Many endothelin B or D3 dopamine receptor knockout mice develop hypertension. The question now arises of whether these findings constitute independent effects or events that occur in one pathway. To investigate the interaction between the endothelin B and D3 dopamine receptors, Zeng et al. infused mice with a D3 receptor agonist. In results published in this issue, they found that it caused natriuresis, which was partially blocked by an endothelin B receptor antagonist. Treatment with the D3 antagonist also caused endocytosis of the D3 receptor into vesicles that contained the D3 receptor. However, combined treatment with both D3 and endothelin B antagonists failed to cause internalization of endothelin B receptors, which were located in the cell membrane. The authors also examined the interaction of both receptors in spontaneously hypertensive rats; the D3 receptor antagonist blunted sodium excretion in this group. These studies demonstrate that the two receptors likely interact directly. Further, the blunted natriuretic response to dopamine in the spontaneously hypertensive rats might be produced by abnormal interactions between the two receptors. See page 750.
Bone growth after parathyroidectomy
Following parathyroidectomy, large increases in bone volume occur. The process responsible for this change could be due to remodeling or minimodeling. In minimodeling, the lamellar bone is formed in the absence of prior bone reabsorption. Now, Yajima et al. compare the contributions of minimodeling and remodeling following parathyroidectomy for secondary hyperparathyroidism. Using iliac bone biopsies, they found that osteoblast surface due to minimodeling was greater than the entire bone osteoblast surface before and at 10–12 weeks after parathyroidectomy, although no effect was found at earlier times after surgery. Minimodeling significantly increased osteoid volume 3–4 weeks after parathyroidectomy. They also found that osteoid formation in the first few weeks after surgery was more active at the minimodeling surface than at the entire bone surface. These studies show that bone formation by minimodeling is more active than by remodeling following parathyroidectomy. See page 775.

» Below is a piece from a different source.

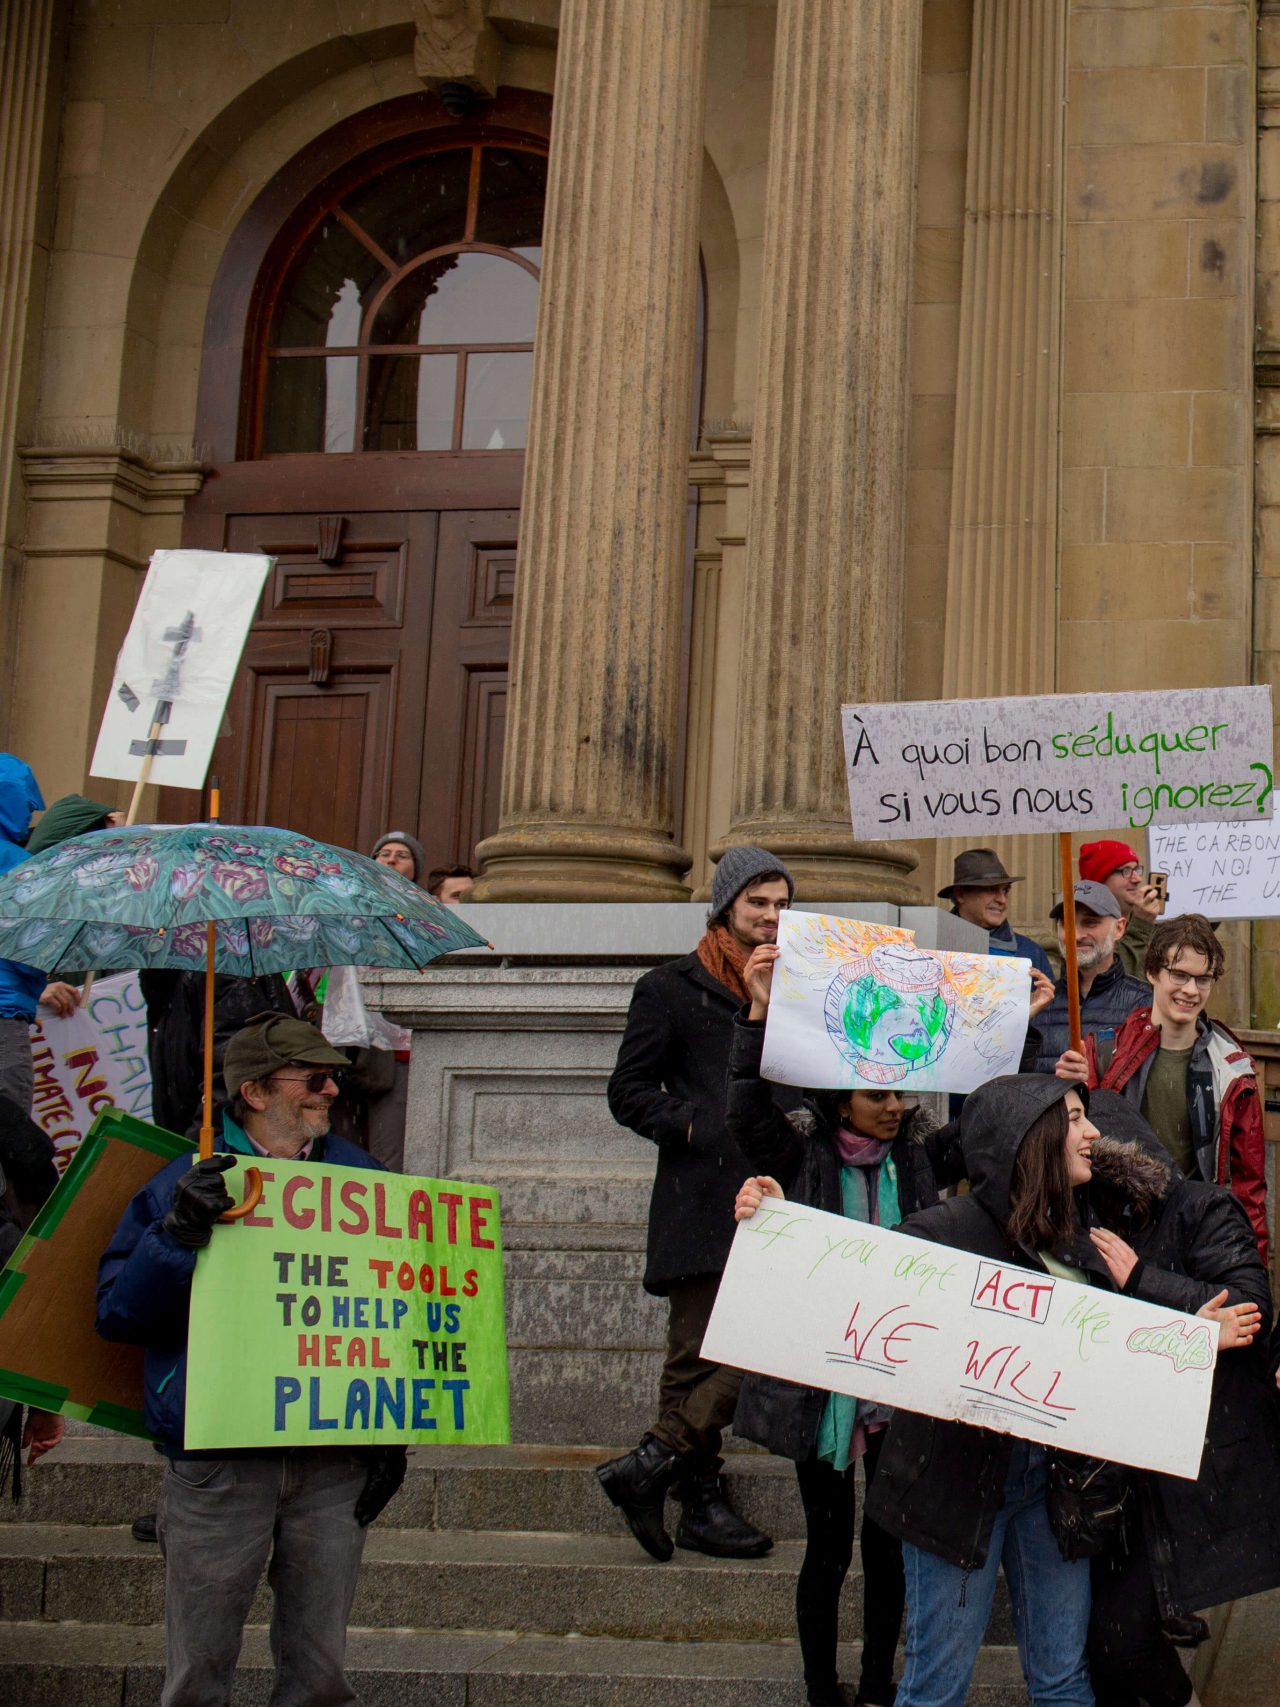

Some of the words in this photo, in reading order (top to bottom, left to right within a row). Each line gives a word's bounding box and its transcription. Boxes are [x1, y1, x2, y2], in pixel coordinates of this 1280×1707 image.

Targeting hemoglobin and risk factors
Using erythropoietin to increase hemoglobin in renal failure is nothing short of revolutionary; yet determining the appropriate target level has been vexing. Some trials have found that achieving higher hemoglobin levels resulted in worse outcomes. In a study in this issue, Szczech et al. performed a 4-month, secondary analysis of the Correction of Hemoglobin and Outcomes in Renal Insufficiency (CHOIR) trial to estimate the competing benefit and harm from achieved hemoglobin levels. In the high-hemoglobin-target arm, more patients were unable to achieve their targeted hemoglobin levels, and thus required high-dose erythropoietin, than were able to reach their targets. The inability to achieve a targeted level of hemoglobin and the requirement of a high dose of erythropoietin were significantly associated with increased risk of death, myocardial infarction, congestive heart failure, or stroke. However, the patients who reached their hemoglobin targets had better outcomes and no increased risk factors. Could it be that randomization of the trial was flawed? An examination of this hypothesis found it to be false. The result leaves us with the enigma of why some of the patients with high risk factors failed to reach their hemoglobin targets. See page 791.